Despite all this, Shattrath does not exactly feel welcoming. Damp air and dour skies evoke a sense of oppression, a trait worsened by the monumental and imposing draenic architecture. I do not mean to sound overly critical; after all, impressions are subjective things. Outland is surely a better place for Shattrath’s efforts.

“I say we go straight to the portals. I do not want to spend another night in Outland,” declared Fienra. Still painfully vulnerable after her ordeal, she was understandably eager to return to Azeroth.

“Silvermoon City is my home, and will be until our Sun King declares Outland safe for our people. I’ve already made my sacrifice.” Such were her words as we traveled through Windyreed Pass, a narrow gap that cuts through the Shattrath Mountains. Reports tell of Lost One raiders waylaying travelers, but we encountered none on our journey. With us were Grota, Grom, and a pair of Sin’dorei Aegis troopers.

I was the only one among them who had never before seen Shattrath City. We quickly made way to the Terrace of Light, a raised section in the center of the metropolis. Upon the terrace is the Troikacha, a veritable artificial mountain, its slopes a profusion of scalloped ridges and engravings, culminating in a split draenethyst capstone. Emanating from deep within the Troikacha is a column of purest light that strikes into the gloomy clouds overhead.

“Is this a temple?” I asked.

“It’s far more than a temple. A’dal holds court inside; the beam of light comes from It,” explained Fienra.

“You’ve seen A’dal?”

“Yes,” she sighed. “You ought to see It; nothing is as frightening or as beautiful. There is a terrible misunderstanding between the Sun King and the Naaru.”

“Oh?” There was no misunderstanding. Kael’thas had enslaved one Naaru, and fell in with demons. Most blood elves do not know this, and would not accept it if someone told them.

“Have you seen M’uru, in Silvermoon City?” she asked, referring to the Naaru whose power the Sin’dorei Magisters drained.

“Yes, I have.”

“An awful mistake. Our Sun King shall soon know. He will set things right.”

I nodded, not seeing the point of arguing with her. The Sin’dorei reverence of Kael’thas is based more on faith than on fact, and I doubt many can be swayed with mere words.

Befitting a religious center, the Terrace of Light sees great crowds from all races and nations pass through every day. White-robed draenic priests stand to the side, conversing with their fellows. Armored draenei on elekk mounts keep order in the terrace, though the crowds never express violence or even aggression. I overheard a guard giving a human visitor directions to the nearest inn.

Nothing prepared me for the magnificence living inside the Troikacha. The wonders described in the Exegesis of the Light offer only a paltry translation of the Naaru.
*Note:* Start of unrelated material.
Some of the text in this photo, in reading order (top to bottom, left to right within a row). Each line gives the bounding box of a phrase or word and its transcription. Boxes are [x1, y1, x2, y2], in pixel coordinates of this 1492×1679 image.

Holy A’dal floats in the center of the Troikacha. It is a symbol, alive in both a metaphorical and literal sense. Photographs impart little of its true appearance, which cannot be accurately described in solely visual terms. The angles of A’dal hint at unknown beauties far beyond the ken of the physical realm. Its many segments shift and rotate in unimaginable perfection: an order that does not oppress, but instead makes room for those who choose to accept it.
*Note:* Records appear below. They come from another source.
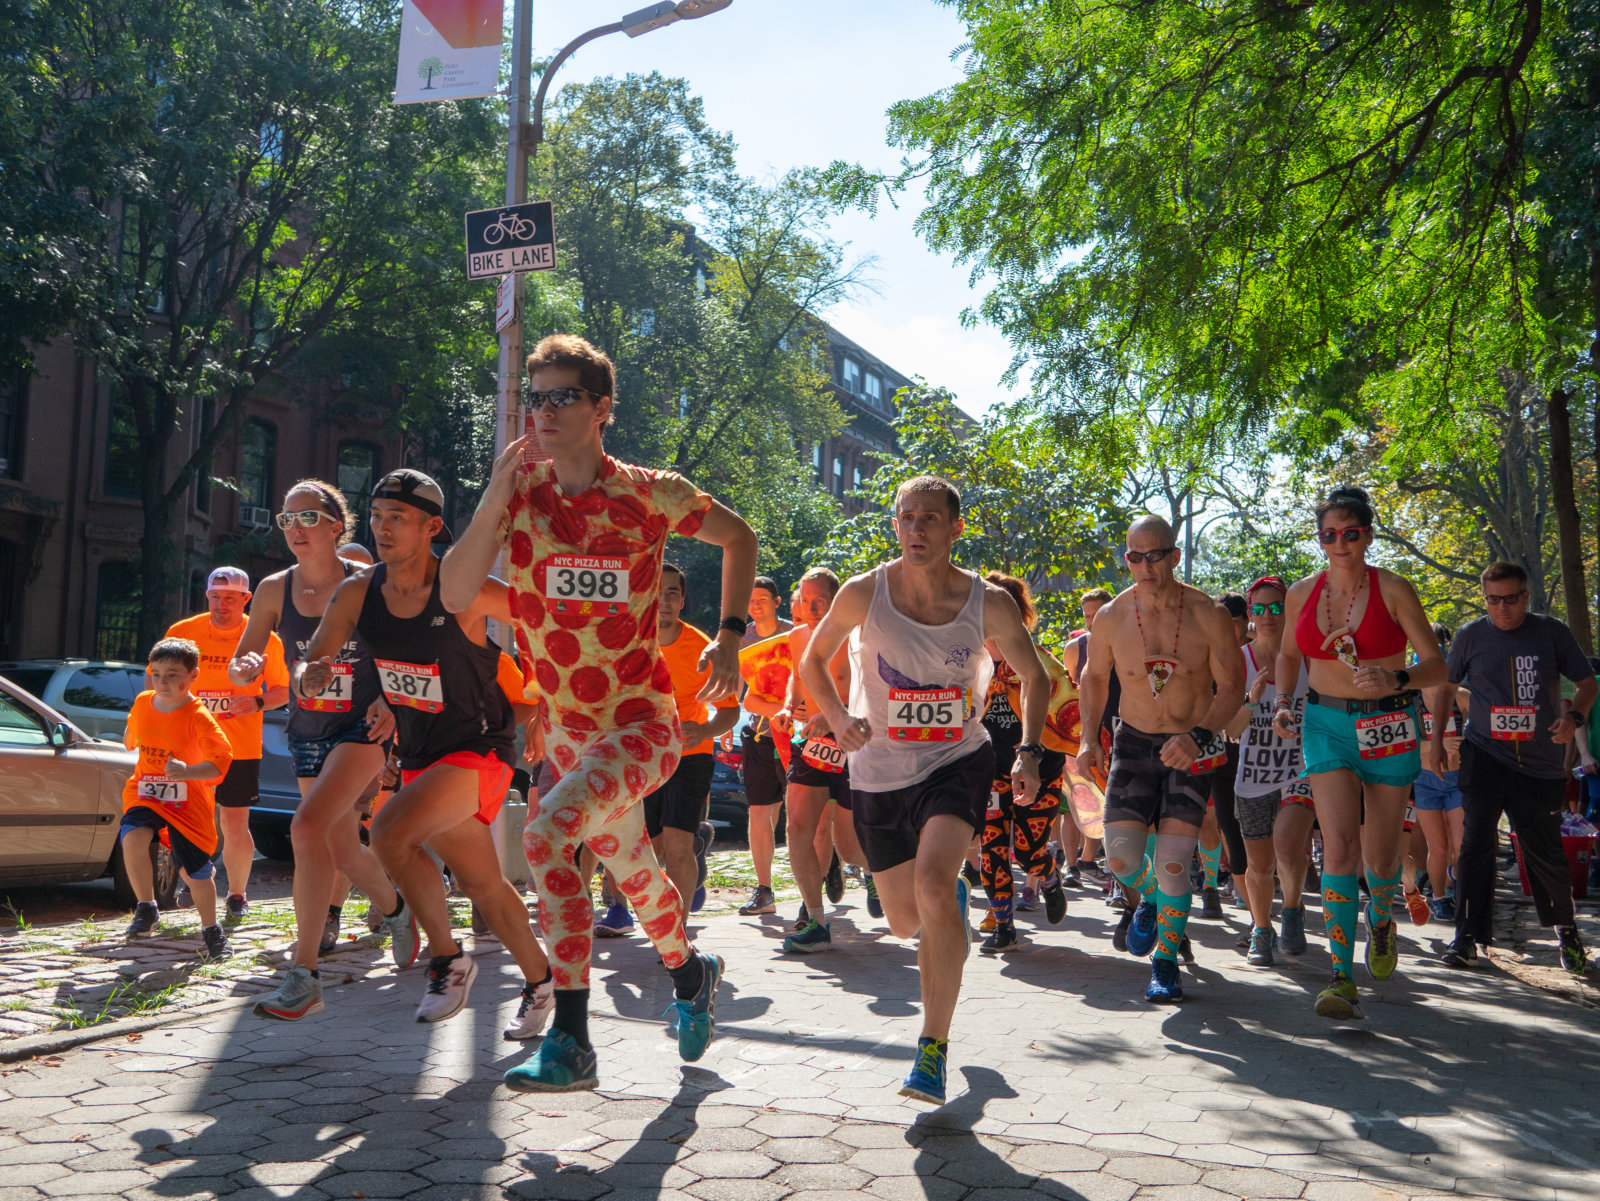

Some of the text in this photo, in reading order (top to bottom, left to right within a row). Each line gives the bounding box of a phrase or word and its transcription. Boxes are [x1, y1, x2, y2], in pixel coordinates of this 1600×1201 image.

[473, 246, 551, 272] BIKE LANE
[554, 557, 622, 568] NYC PIZZA RUN
[556, 569, 618, 598] 398
[201, 655, 230, 663] PIZZ
[380, 662, 433, 675] NYC PIZZA RUN
[386, 671, 431, 697] 387
[895, 691, 956, 701] NYC PIZZA RUN
[897, 702, 953, 725] 405
[1375, 716, 1394, 725] PIZZA
[1496, 715, 1531, 731] 354
[1365, 722, 1409, 747] 384
[808, 743, 842, 764] 400
[1244, 747, 1301, 768] LOVE
[1242, 767, 1299, 784] PIZZA
[145, 783, 179, 799] 371
[1286, 783, 1313, 798] 45
Concepts of vast mercy and overwhelming love filled my mind as invisible hands plucked me up from the earth, worlds beyond measure flitting across my vision. I saw reality with a new awareness, knowing the magnificent truth that animates all things. The Scourge, the Burning Legion, the Old Gods; all revealed as deformities.

Angels walk in joy through the hallowed chamber, the Troikacha transformed into its heavenly reflection. The Light is its foundation, an essential truth stronger than any material substance. I glowed, a bright spark among countless others, each with their own individual light. Yet I sensed that my light could grow even brighter. Pride and apathy turned to dust as, for one moment, I embraced the bliss offered to all.

A’dal solidified, suddenly distinct from Its surroundings, the grand but austere sanctuary. I felt no resentment for being flung from the conceptual world back to the material, for I knew A’dal lived there, Its existence a promise of greater things. Fienra observed me with a wry smile.

“Did A’dal say hello?”

“Yes. Did that happen to you?”

“It happens to all who are receptive, the first time anyway. If A’dal constantly broadcast those thoughts, no one would get any work done in this place.”

I heard a delighted gasp. Grom’s eyes opened wide, taking in the sight of A’dal. The greeting of the Naaru affects the recipient on a powerfully intuitive level, and I am sure an infant could appreciate it as much as an adult. His new mother shifted her arms slightly, a cautious smile on her warrior’s face.

Back in the mortal world, I took stock of my surroundings. The Troikacha’s airy interior is vast. One could fit a small town inside it. Braziers of blue flame illuminate the far reaches, though they pale next to the light of A'dal. A shallow depression, filled with clear water, encircles the dais over which A’dal shines in eternal peace. Ramps on the side lead to a large mezzanine that seems to flow out from the walls.

The portals to Azeroth open up along the edges of the Troikacha, the destinations visible through a neat tear in reality’s fabric. The Orgrimmar portal is grouped with similar portals to Thunder Bluff and Undercity; the portal to Silvermoon is located in a different part of the Troikacha. Fienra embraced Grota, and kissed Grom’s brow as they stood in front of Orgrimmar’s image.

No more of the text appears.